Routine infant check

A 6-month-old girl measured at 68.0 cm and 8.1 kg can be reviewed with Compare WHO and CDC. WHO places the pair at 68.8 percentile, while CDC places it at 65.9 percentile. The gap is small, but the exported note should still name the primary source used for follow-up.

Standing measurement

A toddler measured standing at 86.0 cm should use Standing height (+0.8 cm correction) when an infant-style comparison is needed. The lookup length becomes 86.8 cm. At 12.0 kg, WHO places the pair near 52.4 percentile, while CDC places it near 36.7 percentile, so the source choice needs to stay visible.

Out-of-range CDC check

A child with an adjusted length of 106 cm cannot be placed on the CDC infant weight-for-length rows used here.
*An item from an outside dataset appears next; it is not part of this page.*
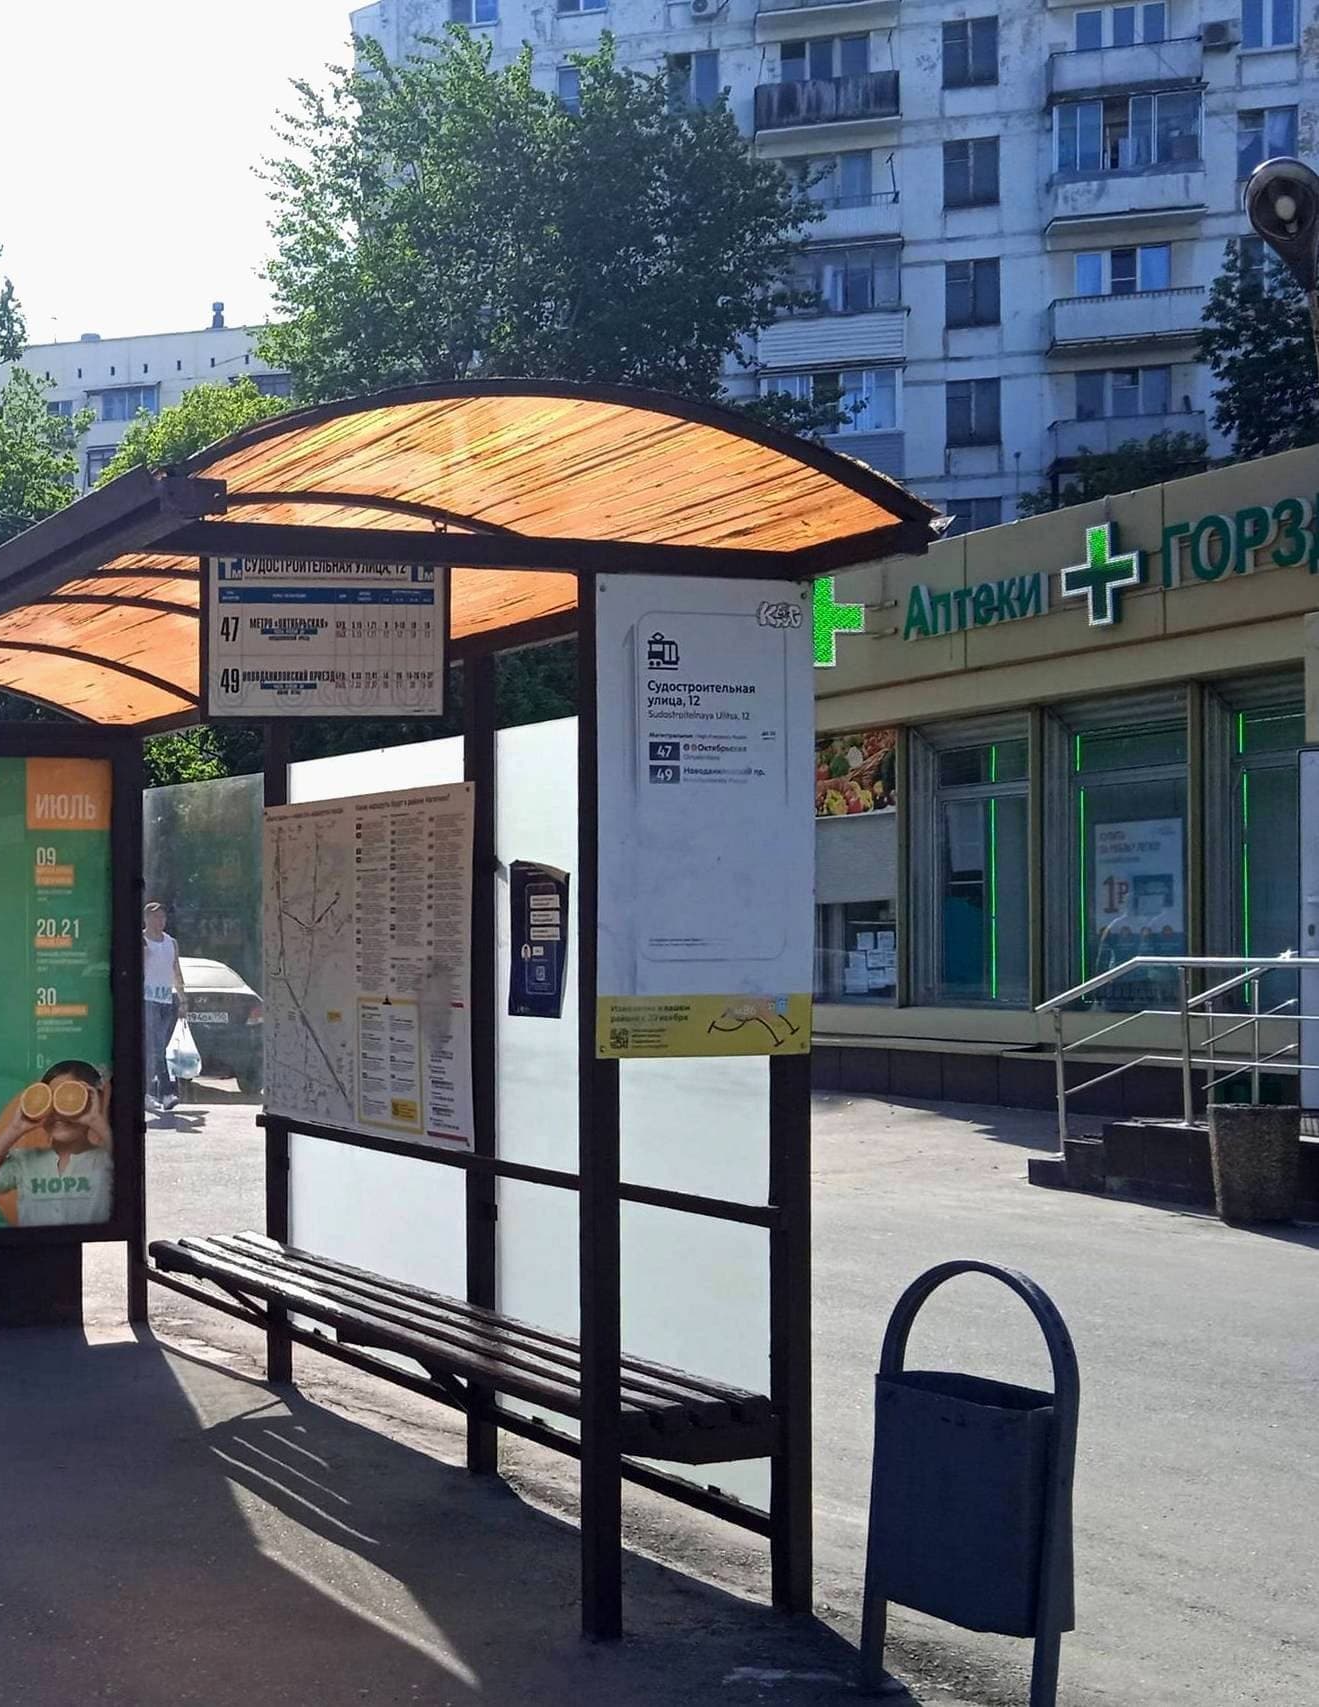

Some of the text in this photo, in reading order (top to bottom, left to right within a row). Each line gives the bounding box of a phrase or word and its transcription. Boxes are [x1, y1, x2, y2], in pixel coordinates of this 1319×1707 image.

Compare WHO and CDC continues with WHO only, while CDC only asks for a supported CDC length before showing a percentile.

FAQ:

Why does weight-for-length use length instead of age?

The percentile compares weight with body length for children of the same sex. Age helps choose and interpret the reference, but the core placement uses sex, weight, and length.

Which source should I use, WHO or CDC?

For U.S. clinical growth monitoring, CDC recommends WHO standards from birth to age 2 and CDC charts for older children. The comparison view is useful when both references are in range and you want to see how much source choice changes the result.

Why does the CDC result disappear in compare mode?

The CDC infant weight-for-length rows used here stop at 103.5 cm. When the adjusted length is longer than that, the comparison becomes WHO-only and the Source Fit tab labels CDC as out of range.

What cutoffs are usually used for low or high weight-for-length?

WHO charts often use about the 2nd and 98th percentiles to flag low and high weight-for-length. The alert band is editable because programs and clinicians may use different review thresholds.

Can one percentile diagnose a growth problem?

No. A single percentile is a screening clue. Growth trend, measurement quality, feeding history, symptoms, and clinical judgment determine whether a result needs follow-up.

Glossary:

Weight-for-length
A growth measure that compares body weight with recumbent length rather than age.
Recumbent length
Length measured while the child is lying down, commonly used for infants and young toddlers.
LMS parameters
The length-specific values used to transform a weight into a z-score and percentile.
Z-score
The standardized distance from the reference median after the LMS transformation.
Alert band
The selected low and high percentile cutoffs used to label values outside a screening range.
Source gap
The difference between WHO and CDC results for the same sex, weight, and adjusted length.